Needless to say, it’s nonsense: pocket watches are not ‘back’ at all, not in the sense that there’s more than a minuscule chance that you’ll see anyone wearing one in normal, daily life.

And when it comes to collecting. Pocket watches are not strictly back, either – largely because they never went away. While there has been a giant boom in the appreciation and value of wrist watches during the past 20 years – with the big money paid for new and old types alike hitting a peak in 2017 when a Patek Philippe ‘Grand Master Chime’ fetched Sfr 31m (£27.5 m) for charity in 2019 – pocket watches have always remained the quiet kings of portable horology.

On June 10 this year,  for example, a gold pocket watch made by Isle of Man-based Roger Smith sold for $4.9m (£3.82m) at Phillips New York; a record price for any British timepiece. (pictured below)

Smith constructed the 66mm watch with perpetual calendar and moon phases between 1991 and 1996 before presenting it for approval to celebrated horologist George Daniels, who pronounced: “You are now a watchmaker”. 

Smith, who later became Daniels’ only apprentice, sold the watch in 2004 to finance the setting-up of his own R.W. Smith dial name for an undisclosed sum that was, undoubtedly, considerably lower than what the owner trousered in June after sensibly hanging on to it for 19 years.

In the interim, Smith has gone from being an up-and-coming young watchmaker known only to a band of hard-core horophiles as the protégé of Daniels (who died in 2011 having earned the accolade of being the 20th century’s greatest watchmaker) to being regarded as one of the greatest makers of the era in his own right.

Evidence of that can be seen in the fact that Smith’s ‘Pocket Watch Number 2’ exceeded the $4.5m and £4m respectively achieved in 2019 and 2017 for the two Daniels watches considered to have been his greatest creations – the Space Traveller’s ‘I’ and Space Traveller’s ‘II’.
None of the above, however, come close to the $23.9m (£18.64) paid in 2014 for the Patek Philippe Supercomplication pocket watch originally delivered to New York banking tycoon Henry Graves Jnr in 1932 – a watch that has twice held the record for ‘world’s most expensive timepiece’ having fetched $11m (£8.58m) in 1999 in the Sotheby’s dispersal sale of American collector Seth Atwood’s Illinois ‘Time Museum’.

Other seven-figure sums paid for pocket watches include $5m (£3.9m) apiece for two Calibre 89s produced by Patek Philippe to mark its 150th anniversary in 1989, $4.6m (£3.59) for an 1814 creation by the celebrated Abraham-Louis Breguet (widely regarded as the greatest of all makers) and $2.5m (£1.59) for a one-off, minute repeating model by Philippe Dufour, whose contemporary wrist watches are currently among the most collectable of all. And, as with wristwatches, a touch of celebrity ownership goes a long way in the pocket watch world.

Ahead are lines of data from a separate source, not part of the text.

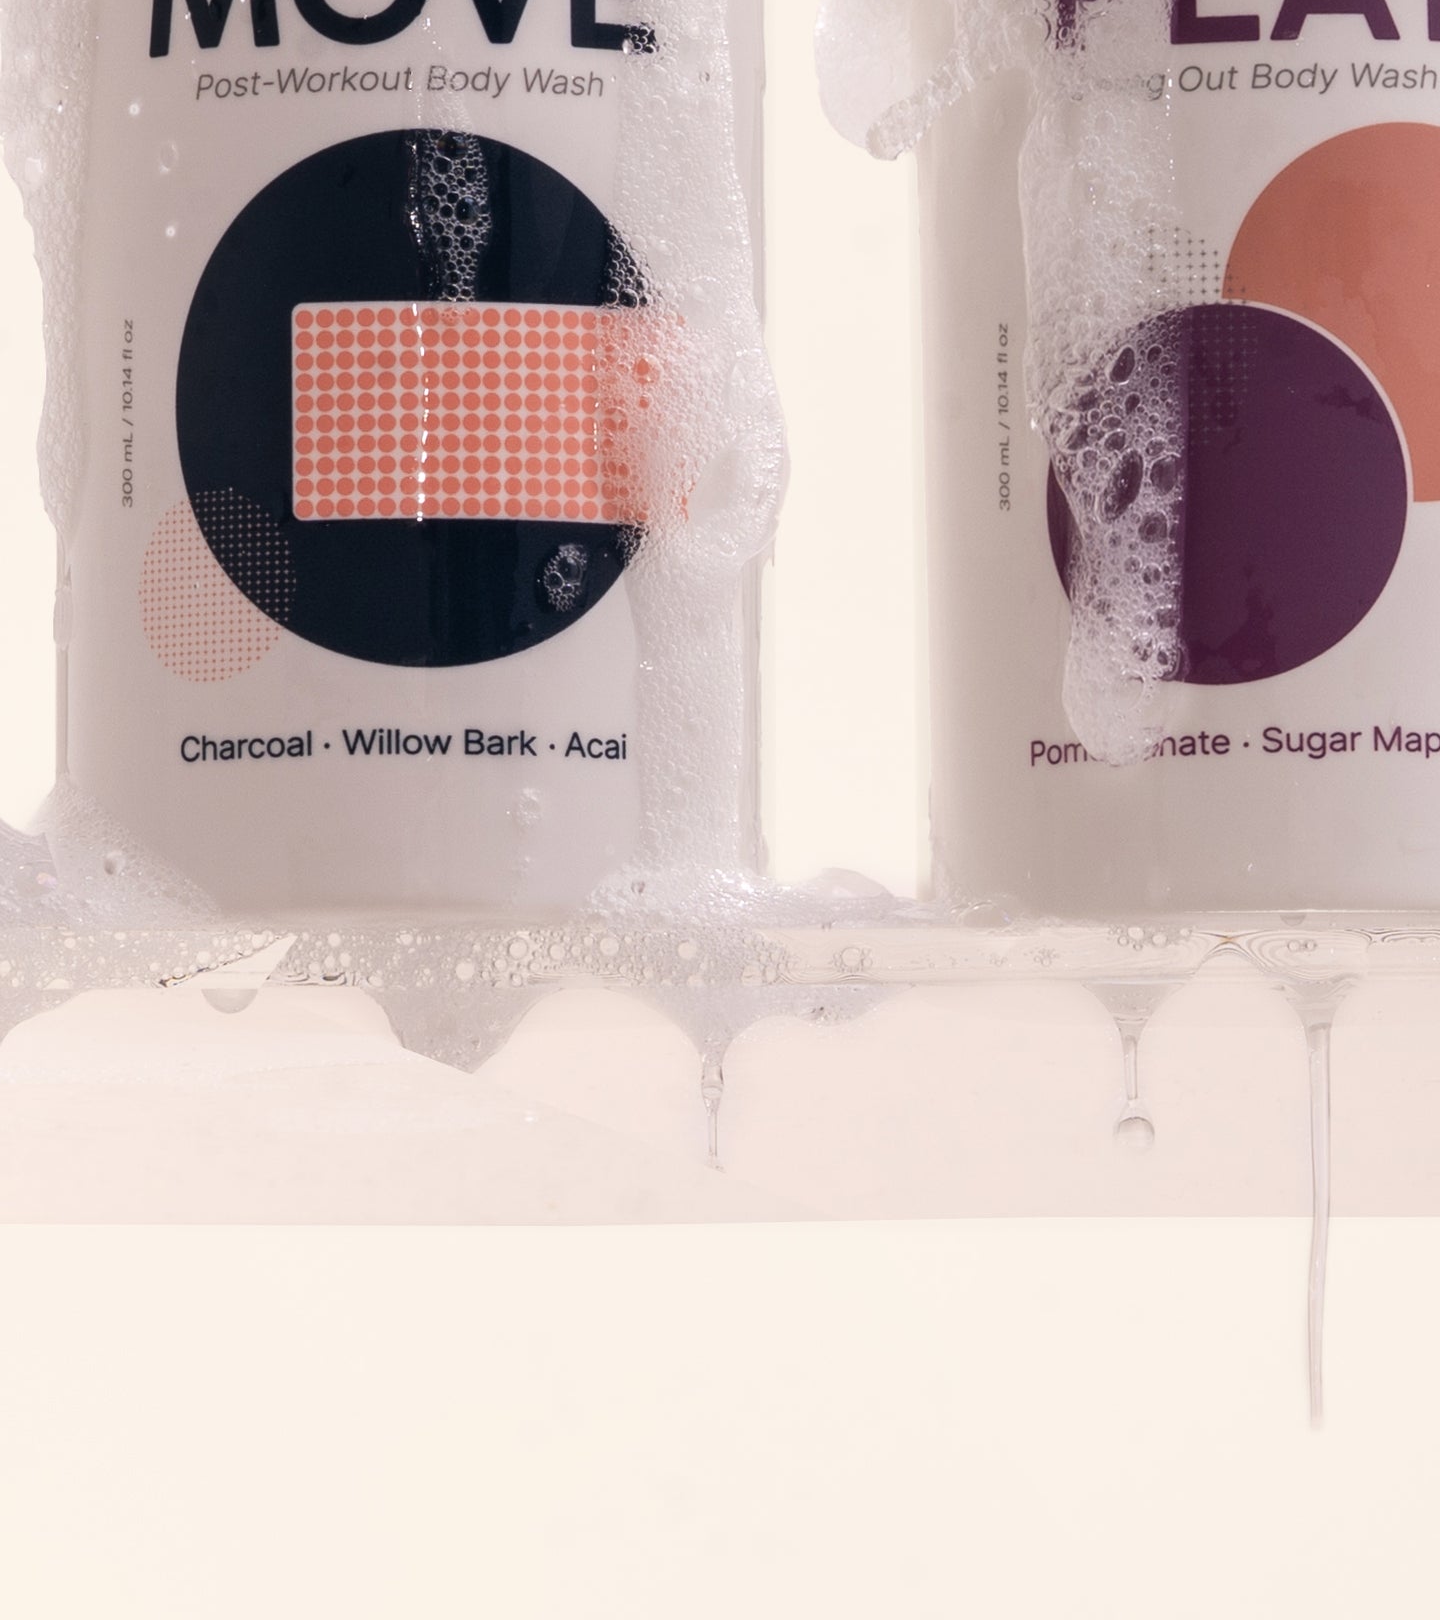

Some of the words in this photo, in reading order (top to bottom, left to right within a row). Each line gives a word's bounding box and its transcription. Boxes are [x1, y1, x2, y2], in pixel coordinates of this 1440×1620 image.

[196, 65, 414, 101] Post-Workout
[426, 65, 511, 98] Body
[522, 65, 605, 98] Wash
[1178, 64, 1237, 95] Out
[1251, 62, 1340, 94] Body
[1351, 62, 1438, 90] Wash
[123, 319, 133, 343] oz
[998, 323, 1008, 347] oz
[122, 468, 133, 508] 300
[998, 472, 1010, 511] 300
[181, 731, 312, 762] Charcoal
[342, 728, 452, 756] Willow
[463, 729, 537, 756] Bark
[564, 732, 627, 760] Acai
[1031, 731, 1230, 767] Pomnate
[1262, 726, 1361, 760] Sugar

A Vacheron Constantin originally owned by King Fuad 1 of Egypt drew $2.7m (£2.11m) at specialist auction house Antiquorum back in 2005 and an unassuming Zenith model that once belonged to Mahatma Gandhi realised more than $2m (£1.56m) in 2009 – although it was sold with a pair of his old sandals, a rice bowl and his signature, round-frame spectacles.

Farouk Pocket Watch by Vacheron Constantin, 1946

The true beauty of pocket watch collecting, however, is that it’s not necessary to have a seven-figure sum in order to ‘get into it;’. In fact, you don’t even need a six, five, or four-figure sum, because interesting pocket watches in working order can be had for a few hundred pounds.

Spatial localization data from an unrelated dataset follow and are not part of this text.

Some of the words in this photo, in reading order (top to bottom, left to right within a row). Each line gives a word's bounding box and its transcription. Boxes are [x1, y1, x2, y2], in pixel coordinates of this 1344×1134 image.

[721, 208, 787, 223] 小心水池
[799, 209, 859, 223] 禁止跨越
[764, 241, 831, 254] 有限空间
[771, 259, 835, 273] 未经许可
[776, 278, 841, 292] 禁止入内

The value-for-money aspect is of obvious appeal, not least because it makes dial names such as Patek Philippe, Vacheron Constantin, Audemars Piguet and Jaeger-LeCoultre attainable at far less cost than wristwatches from the same makers.
Vacheron Constantin Pocket watch, courtesy of Somlo

And the variety of pocket watches available is vast. From simple, three-hand, sealed-case models to half-hunters (in which a metal cover protects the crystal) to full hunters (hinged fronts and backs) and from watches with beautifully enamelled cases to others with hugely complicated movements, the scope is extensive.

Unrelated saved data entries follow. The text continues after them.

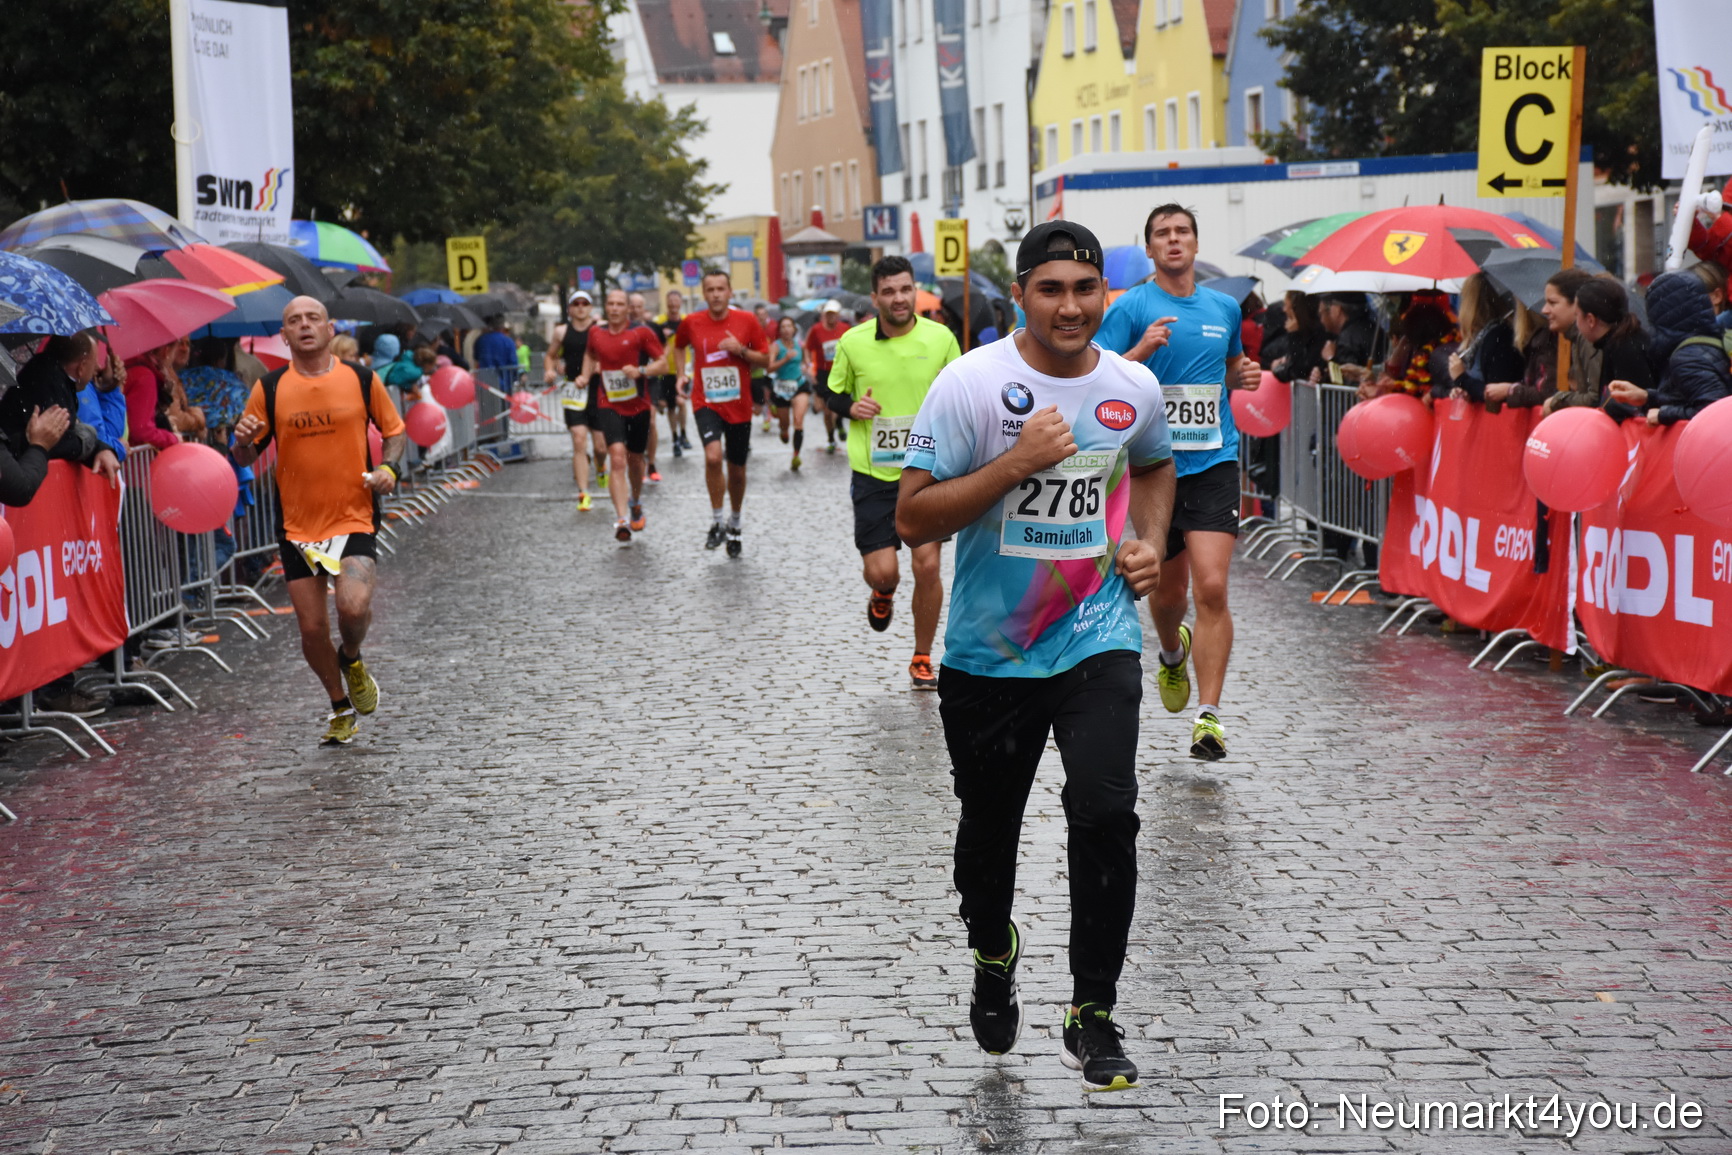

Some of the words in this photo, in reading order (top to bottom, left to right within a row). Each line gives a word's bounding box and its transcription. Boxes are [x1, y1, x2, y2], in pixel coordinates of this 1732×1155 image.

[1494, 54, 1572, 80] Block
[1504, 92, 1556, 166] C
[196, 174, 253, 211] swn
[944, 236, 960, 263] D
[458, 254, 477, 282] D
[609, 378, 629, 390] 298
[706, 374, 737, 391] 2546
[1003, 383, 1030, 394] BMW
[1101, 406, 1132, 423] Hervis
[1165, 400, 1216, 424] 2693
[1172, 431, 1209, 441] Matthias
[1062, 454, 1109, 468] BOCK
[1017, 477, 1102, 518] 2785
[1023, 527, 1093, 546] Samiullah

Henri Grandjean pocket watch with 18ct multi-coloured gold hunter case, 1880s
Courtesy of Somlo

There are automaton pocket watches, too, some with unexpected erotic scenes, and others made for export to Japan and China which sometimes, especially in the case of those made by Bovet, appear in pairs with mirror-image decoration.

Other benefits of pocket watches is their large size compared with their wrist-borne counterparts. This can make them more interesting to look at, enables a greater number of complications to be included within them and makes them easier to repair, service and maintain.

And for the older owner whose eyesight is perhaps not what it was, the great thing about a pocket watch is that it can be far easier to make out what time it is.
But that’s only relevant when a pocket watch is put to daily use. Which is can usually be taken as an affectation – not an unequivocal sign that the days of concealing a timepiece about one’s person rather than on one’s wrist are actually ‘back’...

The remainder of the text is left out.